Relato especial Día del Padre: ‘No corras más’

día del padre no corras más

Hace tiempo que te observo, más bien atesoro momentos. Sí, he llegado a esa etapa en la que aprendes a hacerlo. Tu ligera cojera al caminar, es como un vals, pero le imprimes ritmo. Un ritmo que te define. Siempre recto, decidido y puntual. ¿A dónde quieres llegar?  Rápido, aunque tus rodillas algo maltrechas en ocasiones te impidan darle esa velocidad con la que caminas y diriges tus pasos, tu vida. Siempre dices que es cosa de la edad, pero que va, fue el trabajo, fue la precariedad, tu esfuerzo y también que te gusta poco descansar. Tus manos, esas manos enormes, casi desproporcionadas. Podría decir que son como una gran manilla de plátanos, pero aparte de sacarte una sonrisa no explicaría que las durezas son de las horas dedicadas a construir un hogar, y su tamaño se debe a la cantidad de veces que has soportado los cimientos de una familia. Como cuando cuentas que no tuviste infancia. Que al ser el mayor de cuatro hermanos te encargabas de todos los recados, y te entretenías a veces, y tus padres  te daban una reprimenda tal, de las de esos tiempos, y no de las del rincón de pensar.

Tu bigote, que sube y baja cuando sonríes, ahora cada vez lo haces más. Y no te creas que es tu cómplice donde resguardarte de tus tristezas, enfados o dolor. Porque siempre ha estado ahí, imprimiendo carácter a tu rostro.

Pero tu expresión está en tus ojos. Pequeños pero vivos, en tu mirada se puede navegar. En tus ojos se puede encontrar paz, pero también la más grande de las sonrisas, porque el bigote tapa tus labios, pero tus cejas no consiguen tapar esos dos puntos  marrones casi negros que se rasgan y te hacen perder toda esa seriedad impresa algo impostada.

Tu pelo cargado ahora pinta canas, a juego con el bigote que tanto recortas y mimas, porque cuando quieres ponerte elegante, eres el que más.

Te bajaron del andamio antes de lo que a ti te hubiera gustado, y ahora te dedicas al cultivo, al cuidado de unas tierras baldías de nombre pero no de cosechas. Podrías descansar, pero claro, a ti te gusta el movimiento constante,  la velocidad, por eso sorprendiste a todos con esa moto.  Por eso cuando tomas café y los demás aún están dándole vueltas a esas cucharillas en miniatura, tú lo  bebes  de un solo sorbo, te pones en pie y ya te estás marchando. Todos te miramos con nuestras tazas en las manos, sonriendo y pensando cómo lo has hecho y acabamos riendo y diciéndote que a dónde vas con tanta prisa. Siempre con el motor arrancado, a algún sitio quieres llegar.

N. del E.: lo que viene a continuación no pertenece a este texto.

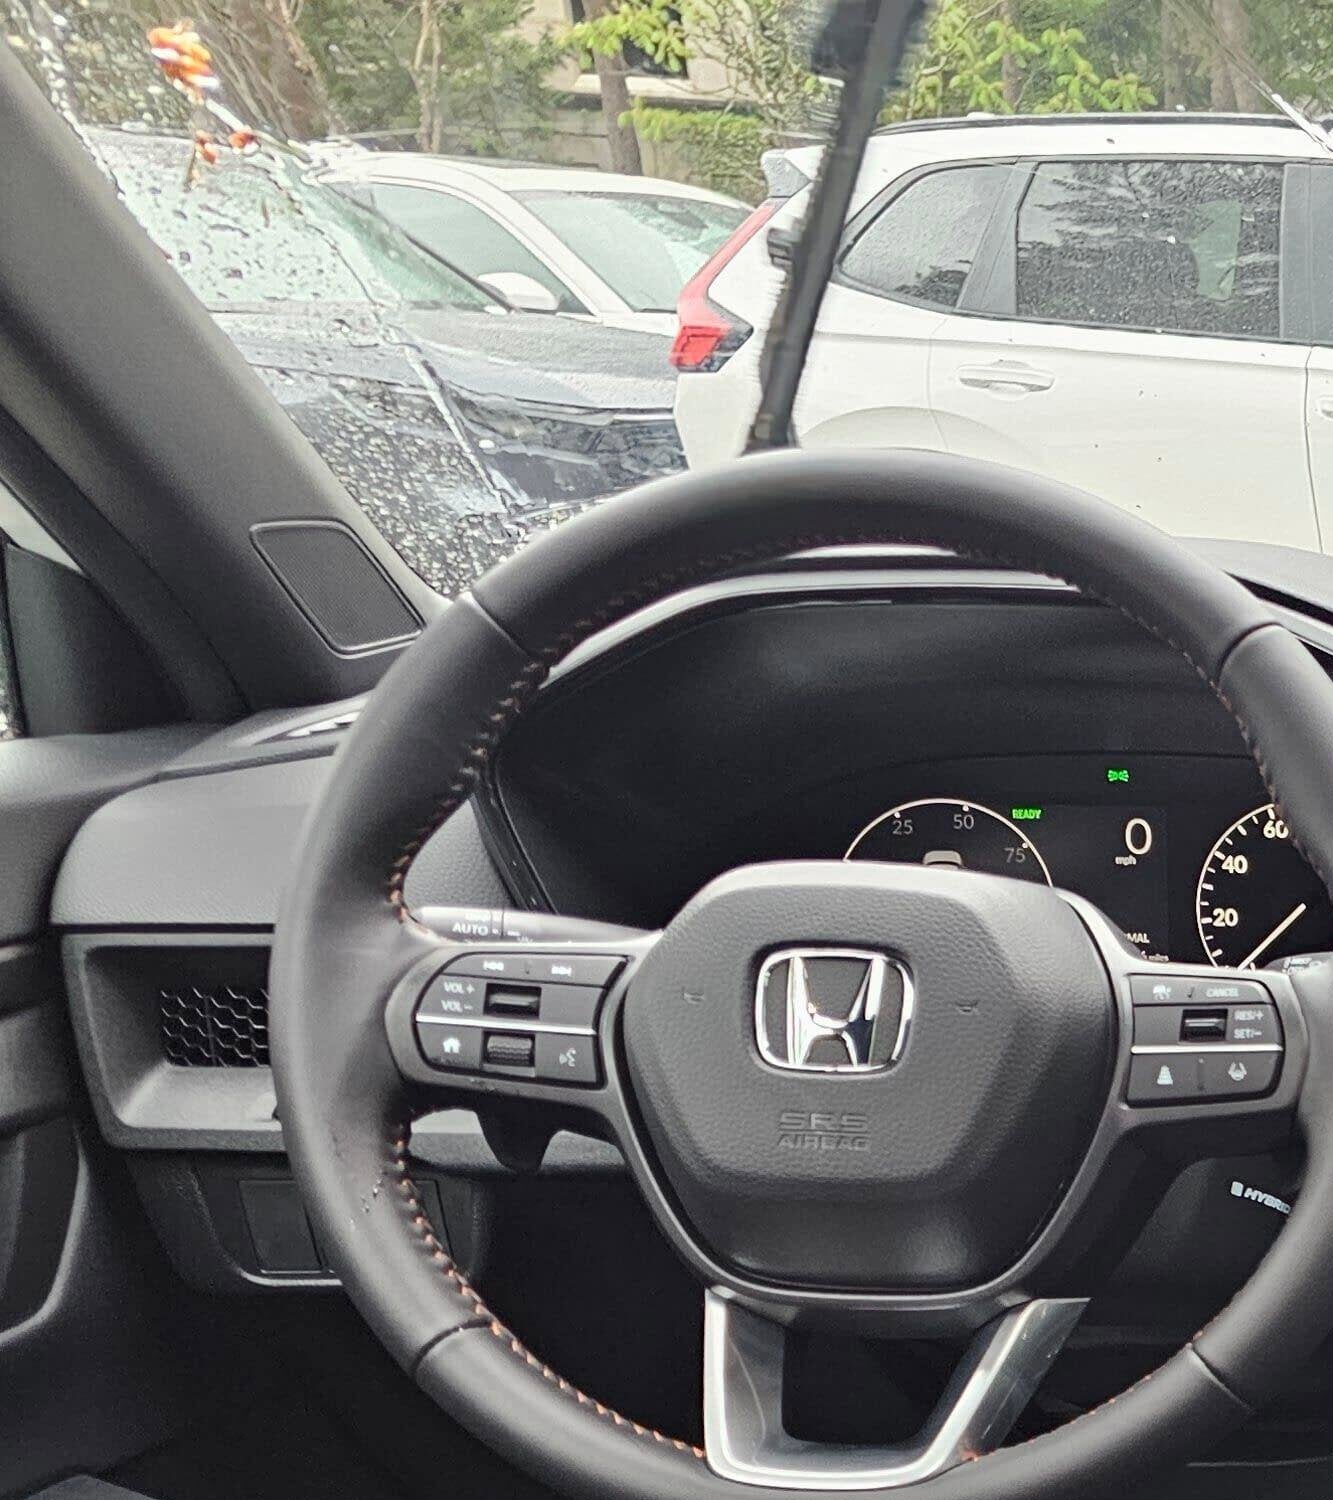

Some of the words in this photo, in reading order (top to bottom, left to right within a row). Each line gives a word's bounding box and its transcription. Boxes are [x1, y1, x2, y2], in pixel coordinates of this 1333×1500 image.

[953, 814, 975, 830] 50
[1012, 808, 1042, 820] READY
[892, 820, 913, 835] 25
[1263, 820, 1290, 838] 60
[1125, 818, 1153, 855] 0
[1004, 847, 1026, 863] 75
[1115, 855, 1137, 866] mph
[1221, 855, 1248, 874] 40
[1212, 908, 1239, 927] 20
[452, 922, 488, 936] AUTO
[443, 981, 464, 994] VOL
[1206, 988, 1240, 998] CANCEL
[441, 1000, 463, 1013] VOL
[779, 1111, 869, 1132] SRS
[777, 1134, 872, 1152] AIRBAG

Imagino que es porque abuela y abuelo te metieron la prisa en el cuerpo a base de golpes cuando querías jugar con los niños de tu edad a meter los boliches en los agujeros  de las calles de tierra donde hoy hay asfalto.

Lo único que en ti va lento  es el sonido de tu respiración al hablar, un murmullo, como un ligero viento que se cuela  por una ventana entreabierta. Porque siempre tienes pequeñas grandes historias que contar, enseñanzas   o  reflexiones que dejar en el aire, y tus palabras van saliendo poco a poco, y tus pulmones se cansan y es ahí donde se escucha ese pequeño sonido que me gustaría grabar, porque te observo, porque tengo en mi memoria como tesoro cada momento tuyo, cada momento nuestro.

 

De pequeña te veía más alto, y lo eres, pero claro todo depende siempre de las perspectivas. Lo que no ha cambiado es la fuerza de tus abrazos, los que das con tus enormes manos, esas con las que hoy intentas manejar tu smartphone, y cuando querías pulsar una letra te salían cuatro. Pero eso ya lo tienes controlado, porque aprendes rápido. Porque tienes una cultura envidiable, porque eres un gran lector, un politólogo que ya querría  ‘La Sexta’, un marido ejemplar, una persona sin un ápice de maldad, pero sobre todo eres un padre en mayúsculas. Así que ve más despacio, no corras más, que te necesitamos, que te queremos disfrutar.